A major CVS shareholder is planning an activist push and will meet with management, according to sources.
- According to sources, Glenview Capital has accumulated a substantial share in CVS Health and intends to meet with the company's top management to present its strategy for adding value.
- An activist push at the company is anticipated to follow the proposal, according to the people.
- CVS shares are down 22% year-to-date.
According to sources, Glenview Capital, a significant shareholder, will meet with company leaders on Monday to present solutions for the ailing business, which could signal the start of an activist campaign.
Some sources claim that the hedge fund has a significant stake in the company. Glenview has a diverse investment portfolio, but its recent filings reveal that it holds positions in CVS, among others.
The Wall Street Journal reported that Glenview would be meeting with CVS management, including CEO Karen Lynch, but specifics about their proposals could not be learned.
The spokesperson for CVS stated that the company consistently communicates with the investment community as part of its comprehensive shareholder and analyst relations program.

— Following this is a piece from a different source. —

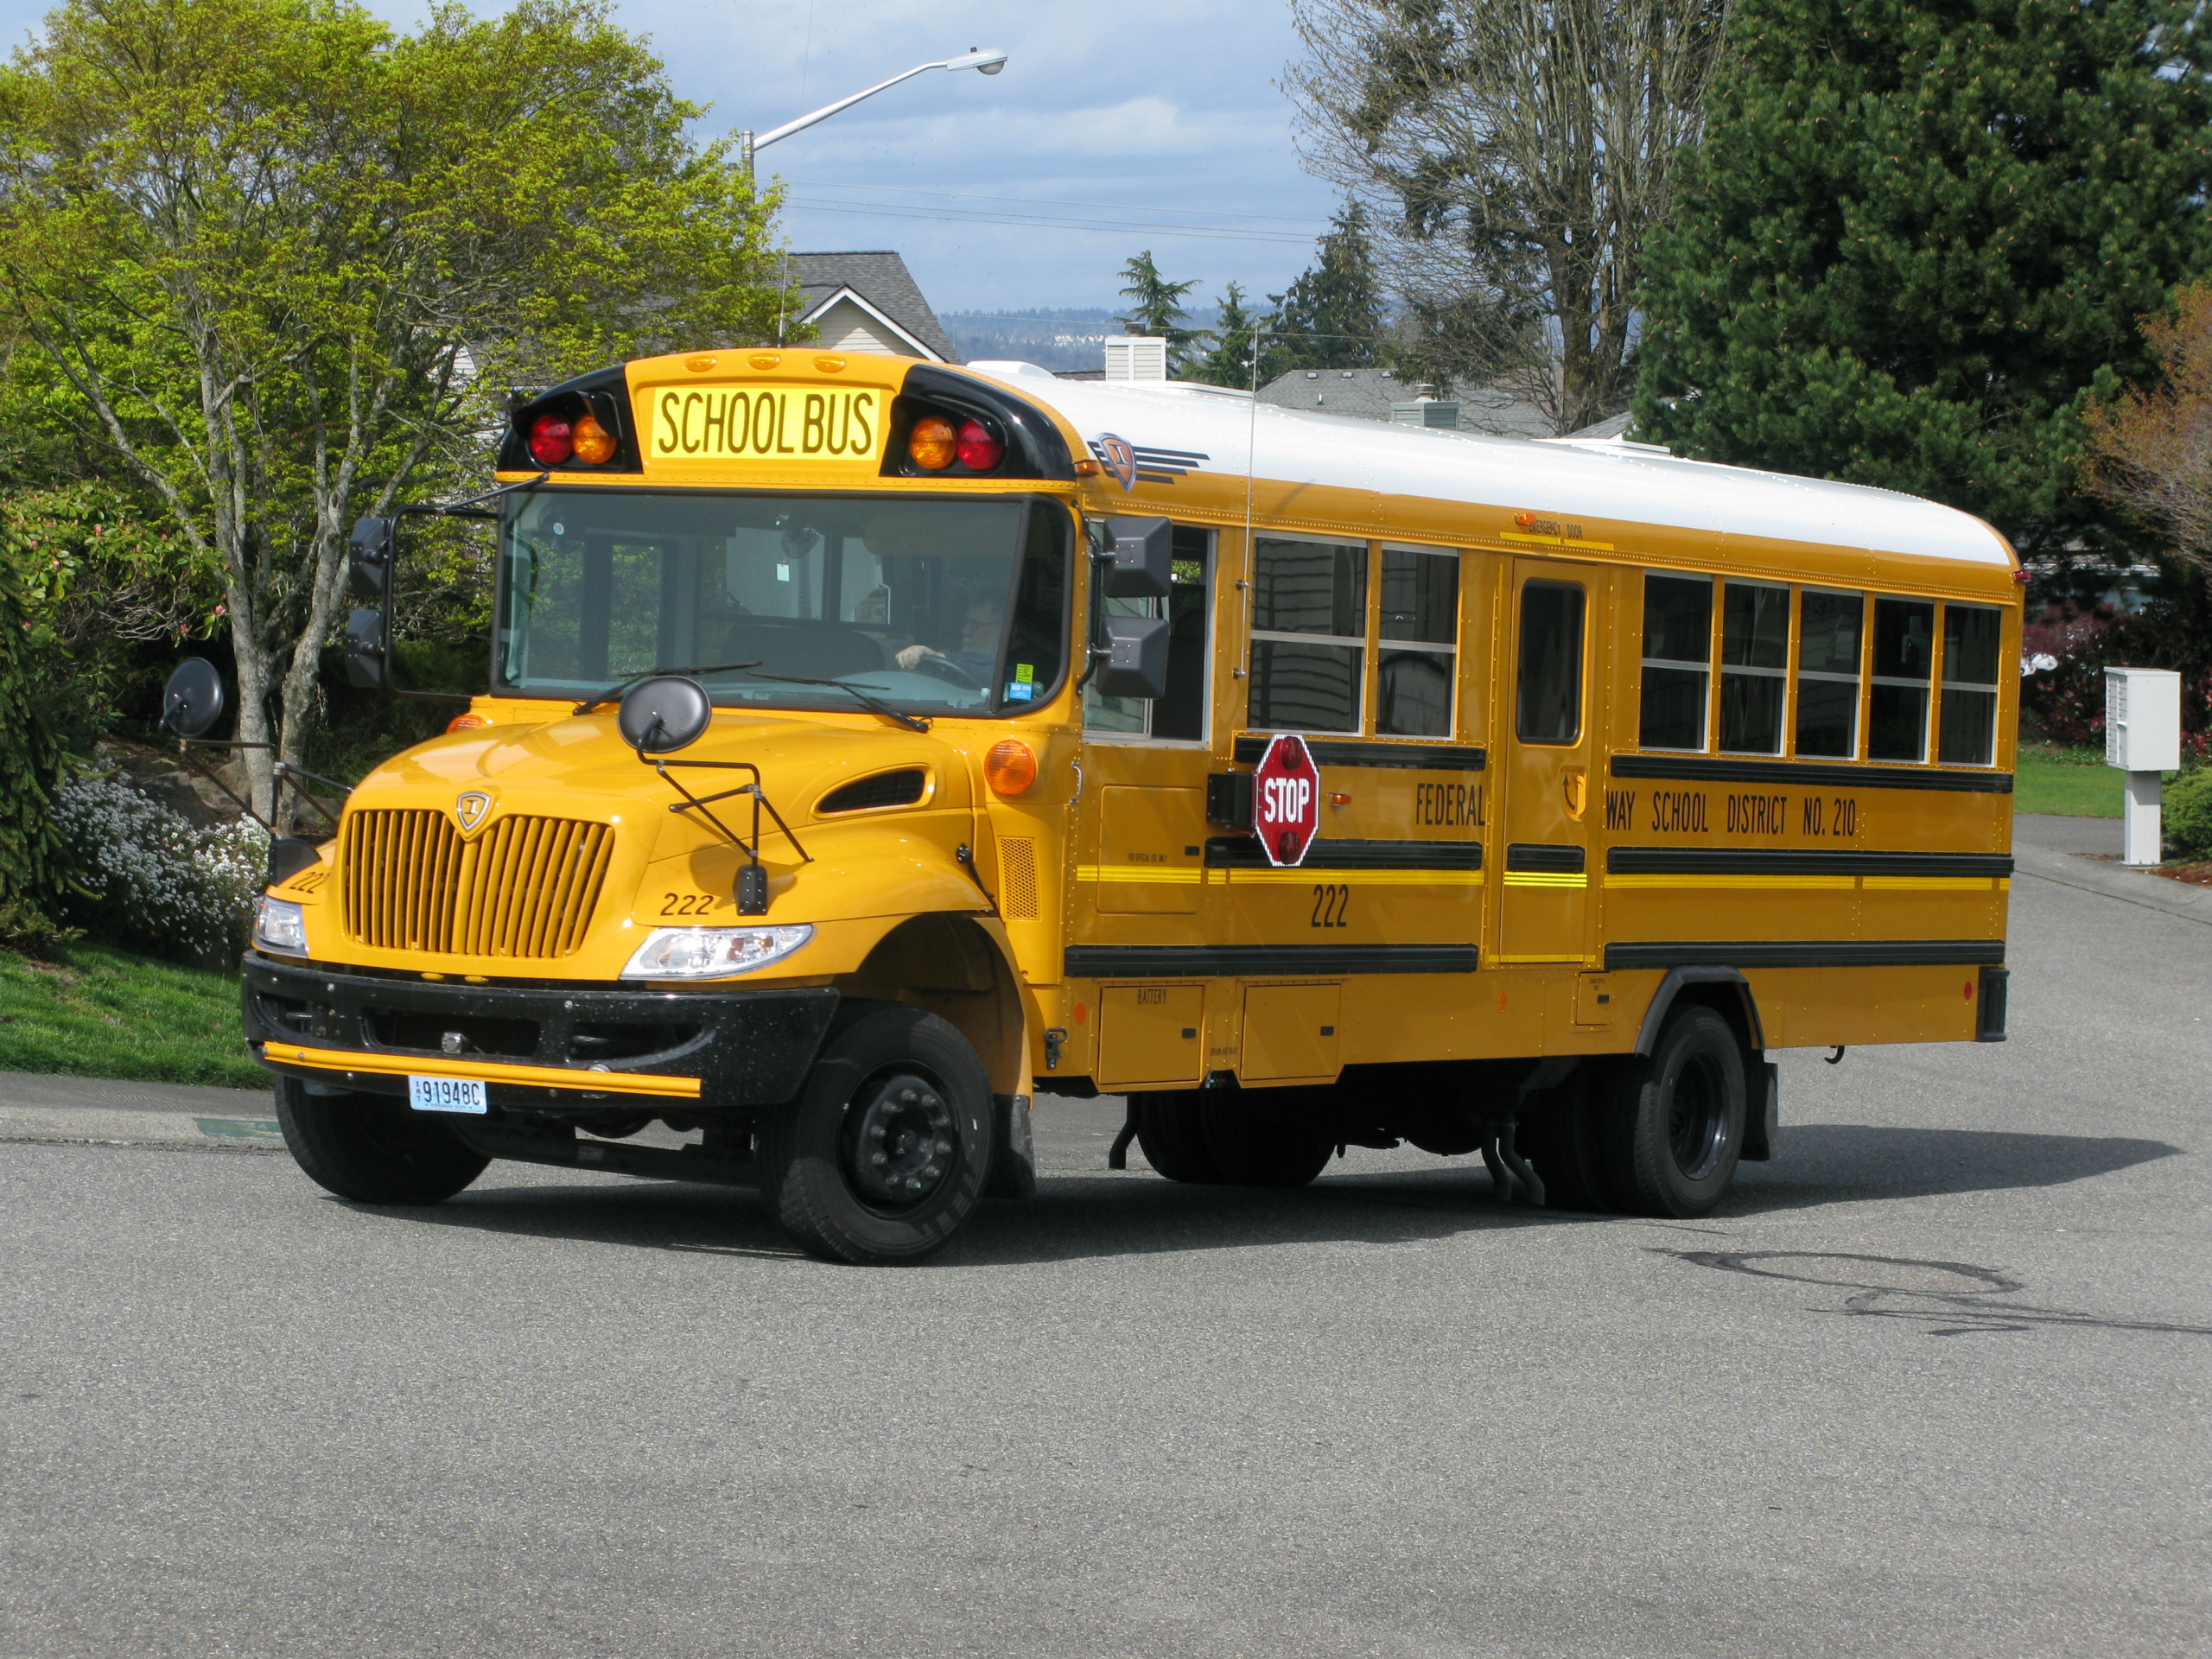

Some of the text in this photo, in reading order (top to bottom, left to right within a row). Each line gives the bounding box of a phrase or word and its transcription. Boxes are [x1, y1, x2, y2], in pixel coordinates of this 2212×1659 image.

"The spokesperson stated that they cannot provide any information about engagement with specific firms or individuals beyond what has already been stated."
Earlier this year, Sachem Head Capital Management, an activist fund run by Scott Ferguson, disclosed that it had amassed a position in CVS.
In 2019, Jeff Smith's Starboard Value constructed a position in the company and conversed with its leadership.
After three consecutive quarters of reduced full-year guidance, investor confidence in CVS has decreased.
The insurance segment of the company is facing higher medical costs, which is affecting its bottom line. This issue is prevalent in the broader health-care industry due to the increase in seniors undergoing delayed procedures during the Covid-19 pandemic.
Aetna, the third-largest health insurer in the US, is owned by CVS. Its insurance unit offers plans for the Affordable Care Act, Medicare Advantage, Medicaid, as well as dental and vision coverage.
In August, CVS announced a leadership shakeup in its insurance unit, with CEO Lynch replacing Brian Kane, the president of the segment, effective immediately.
The retail pharmacy business of CVS is under pressure due to declining reimbursement rates for prescription drugs, rising inflation, and decreasing consumer spending.
In August, CVS announced a plan to reduce expenses by $2 billion through streamlining operations and increasing AI usage, while also closing 900 stores, with 851 locations already shut down.
Technology
You might also like
- Tech bros funded the election of the most pro-crypto Congress in America.
- Microsoft is now testing its Recall photographic memory search feature, but it's not yet flawless.
- Could Elon Musk's plan to reduce government agencies and regulations positively impact his business?
- Some users are leaving Elon Musk's platform due to X's new terms of service.
- The U.S. Cyber Force is the subject of a power struggle within the Pentagon.